It was the biggest anti-war rally in Mindanao since full-scale fighting began in August after the junking of the Memorandum of Agreement on Ancestral Domain (MOA-AD) initialed by the Philippine government and the Moro Islamic Liberation Front (MILF).

What’s your take on the Mindanao crisis? Discuss views with other readers

Waving banners and streamers with calls for a halt in the indiscriminate bombing of Moro communities, the rallyists marched from Bangolo to the Army headquarters in Kampo Ranao in Marawi City.

“We are angry. We want an end to this war,” said Haj Abdullah Lacs Dalidig, leader of the Islamic Movement for Electoral Reform for Good Government.

Dalidig said Moro communities in Central Mindanao and two Lanao provinces have bear the brunt of the military offensive to catch the two MILF commanders — Umbra Kato and Abdul Rahman alias Commander Bravo — accused of carrying attacks in North Cotabato and Lanao del Norte.

“Our communities have been subjected to aerial and artillery bombardment that did not happen anywhere else in the country. Communities in Luzon and Visayas did not suffer like we do,” he said.

Dalidig said the UN and OIC should step in to end the war and bring the failed peace negotiations between the Philippine government and the MILF back on its track.

The peace rally came as new clashes erupted in Maguindanao province killing four soldiers and five guerrillas Thursday.

In a manifesto, the Consortium for the Bangsamoro Civil Society (CBCS), composed of several non-government organizations, peoples’ organizations, academe, and religious groups, said that with the mediation of the two strong and very influential global organizations, there would be cessation of hostilities in Mindanao.

The group has also called on the UN to investigate and determine the true cause and extent of the war in Mindanao.

The group felt the Moro people are still bereft of their inherent rights as a distinct sovereign nation.
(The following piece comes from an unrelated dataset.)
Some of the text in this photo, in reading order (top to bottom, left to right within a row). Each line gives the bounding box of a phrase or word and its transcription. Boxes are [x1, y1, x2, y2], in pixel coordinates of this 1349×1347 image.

“When, after many decades of so-called peace negotiations, the Bangsamoro people wake up to the harsh truth of the abominable situation of sustained betrayal, manipulation, lying, cheating, and killing by the Government of the Republic of the Philippines,” it stressed.
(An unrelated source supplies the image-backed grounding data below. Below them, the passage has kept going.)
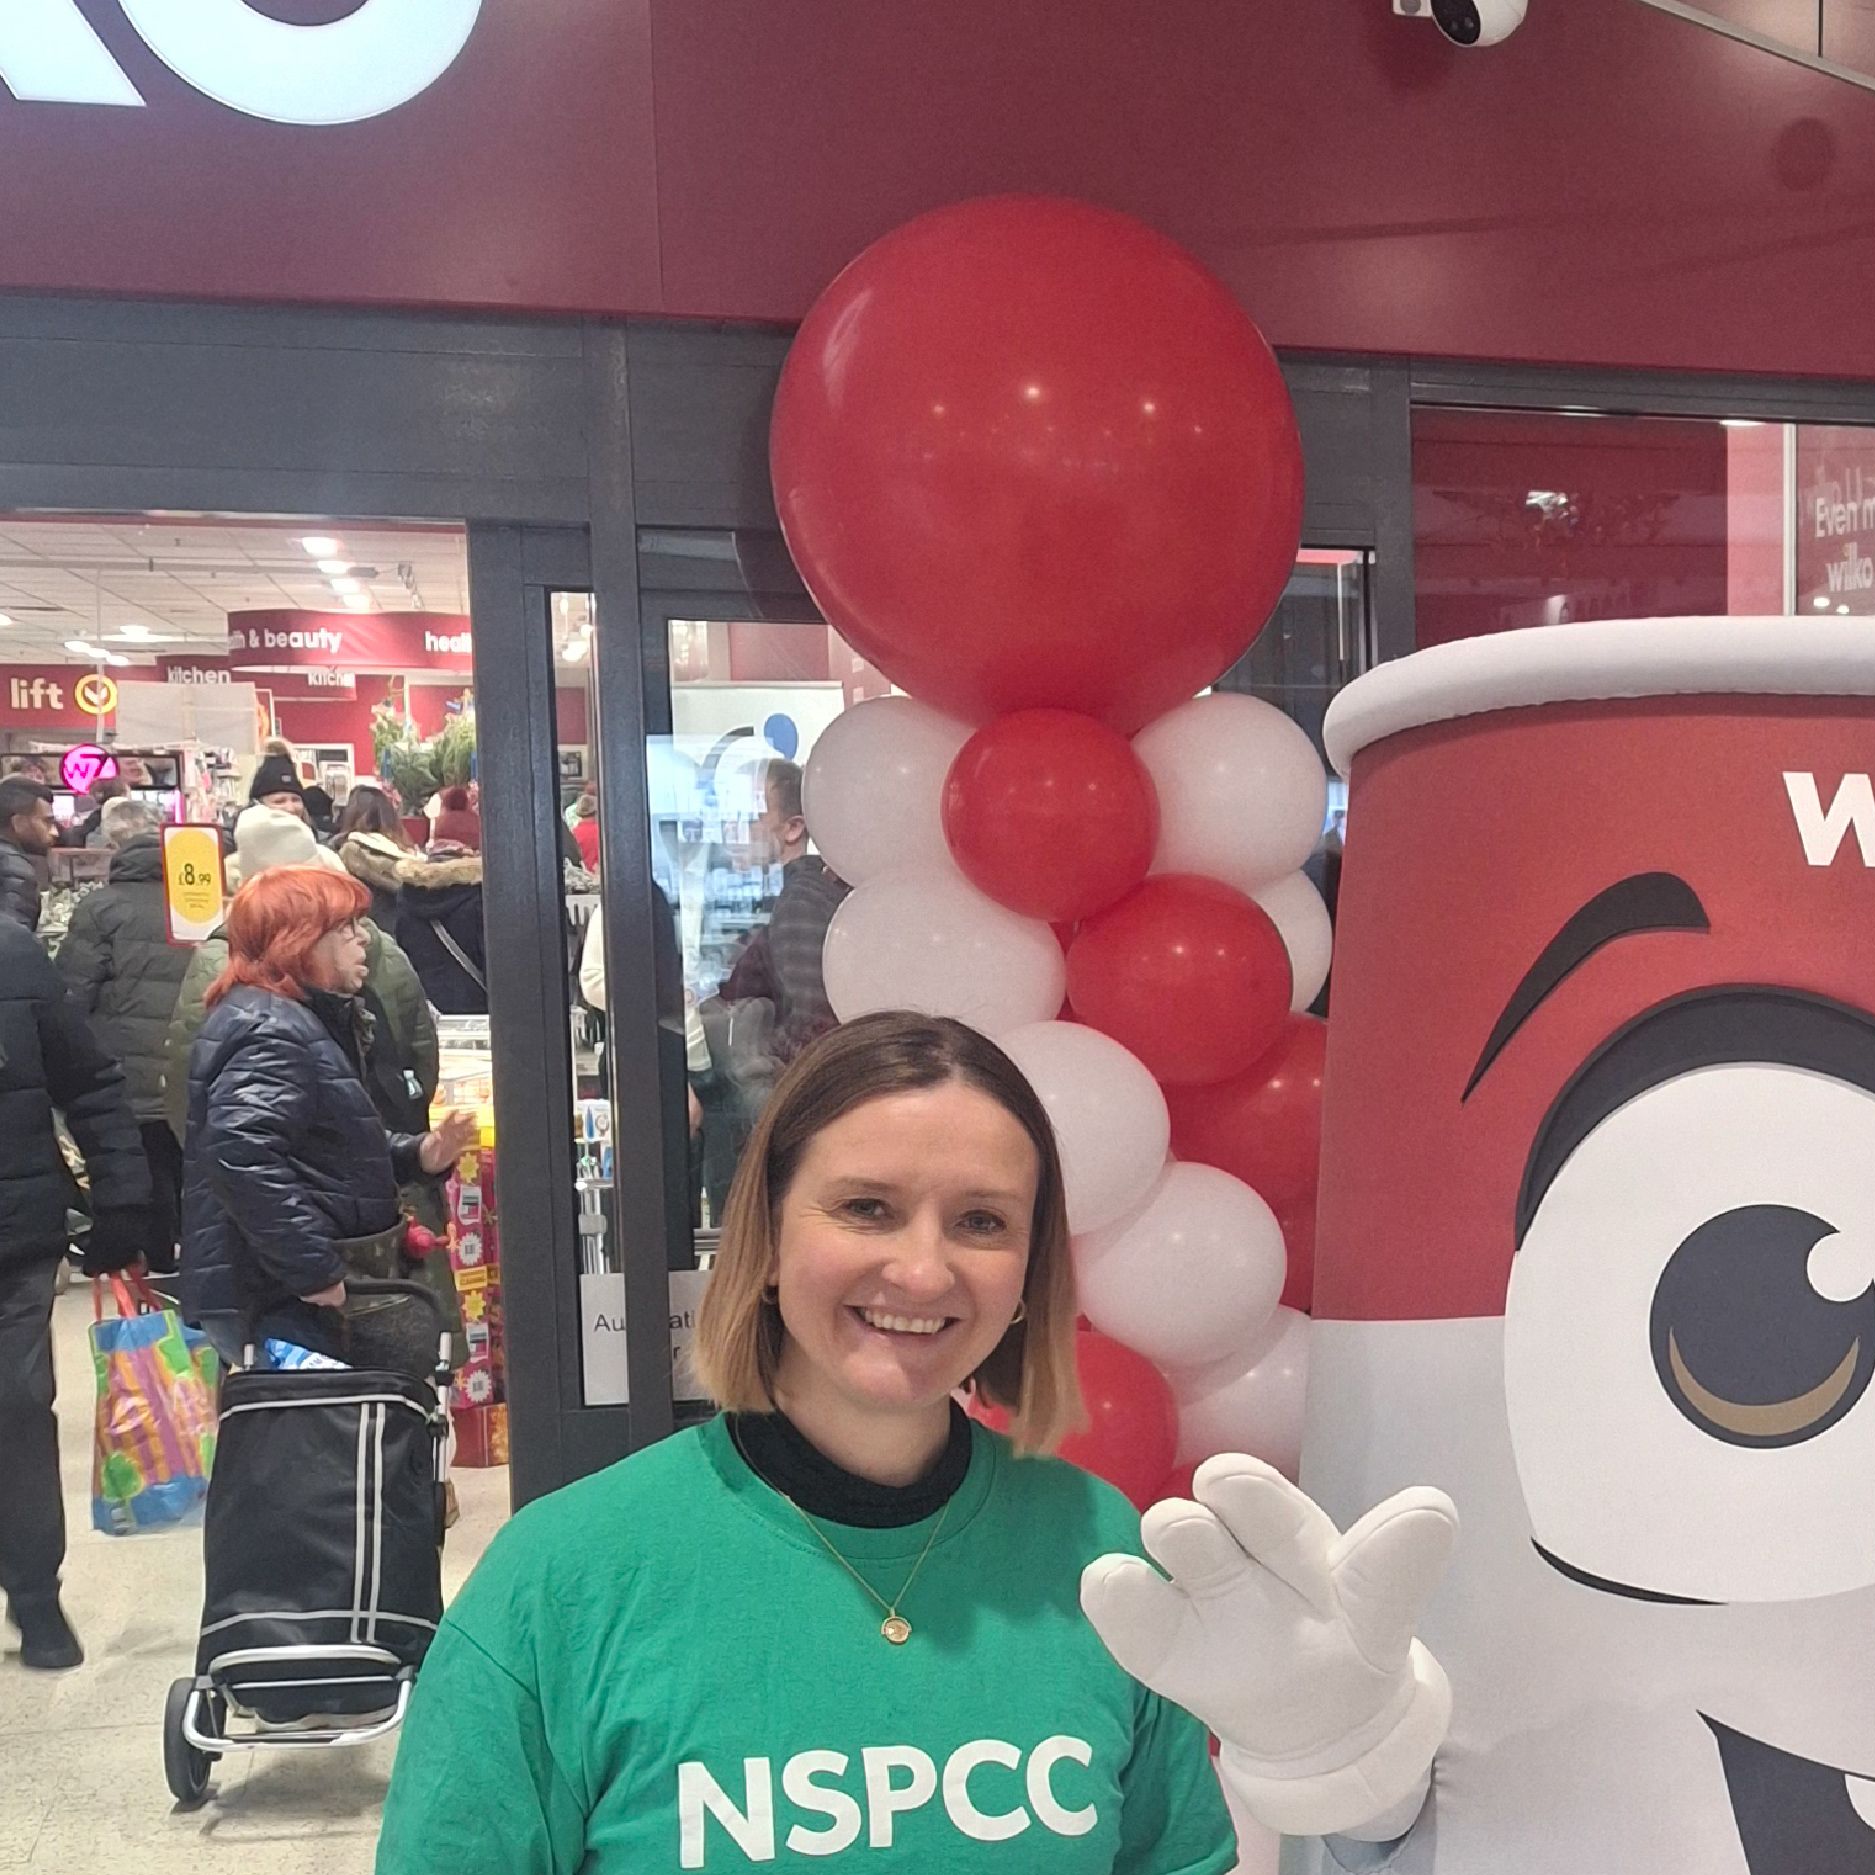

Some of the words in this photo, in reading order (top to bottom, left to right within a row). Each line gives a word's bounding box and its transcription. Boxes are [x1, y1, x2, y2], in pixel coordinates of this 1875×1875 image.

[1815, 497, 1858, 538] Even
[1825, 541, 1874, 592] wilko
[264, 627, 343, 654] beauty
[10, 677, 64, 710] lift
[167, 665, 232, 685] kitchen
[678, 1735, 1098, 1869] NSPCC
Meanwhile, International humanitarian agencies have raised concerns over their safety when delivering aid to thousands of people displaced in the southern Philippines, officials said Thursday.

Defense Secretary Gilberto Teodoro said the issue was aired during a meeting between a special government taskforce on refugee and various UN agencies.

“One of the issues raised was the security of international aid workers and other NGOs (non-governmental organizations) who are helping in the relief operations,” he said.

But providing troops to escort food convoys could also strain soldiers on the frontlines against the MILF, which has been locked in heavy fighting with troops since August.

The World Health Organization (WHO) said Thursday that it is providing emergency aid for thousands of people displaced by fighting with Moro rebels in the southern Philippines.

The P15-million package will provide medicines and medical supplies and ensure safe water for some 38,000 families in evacuation centers in the south, the WHO said in a statement in Manila.

“Evacuees are vulnerable to diseases such as diarrhea and respiratory tract infection that may be acquired because of crowding and less than ideal environmental conditions in temporary shelters,” WHO representative Soe Nyunt-U was quoted as saying.

Journalists covering the war also raised concern of their safety after unidentified gunmen strafed a van carrying reporters and photographers of the Agence France Press in Datu Piang town last Tuesday.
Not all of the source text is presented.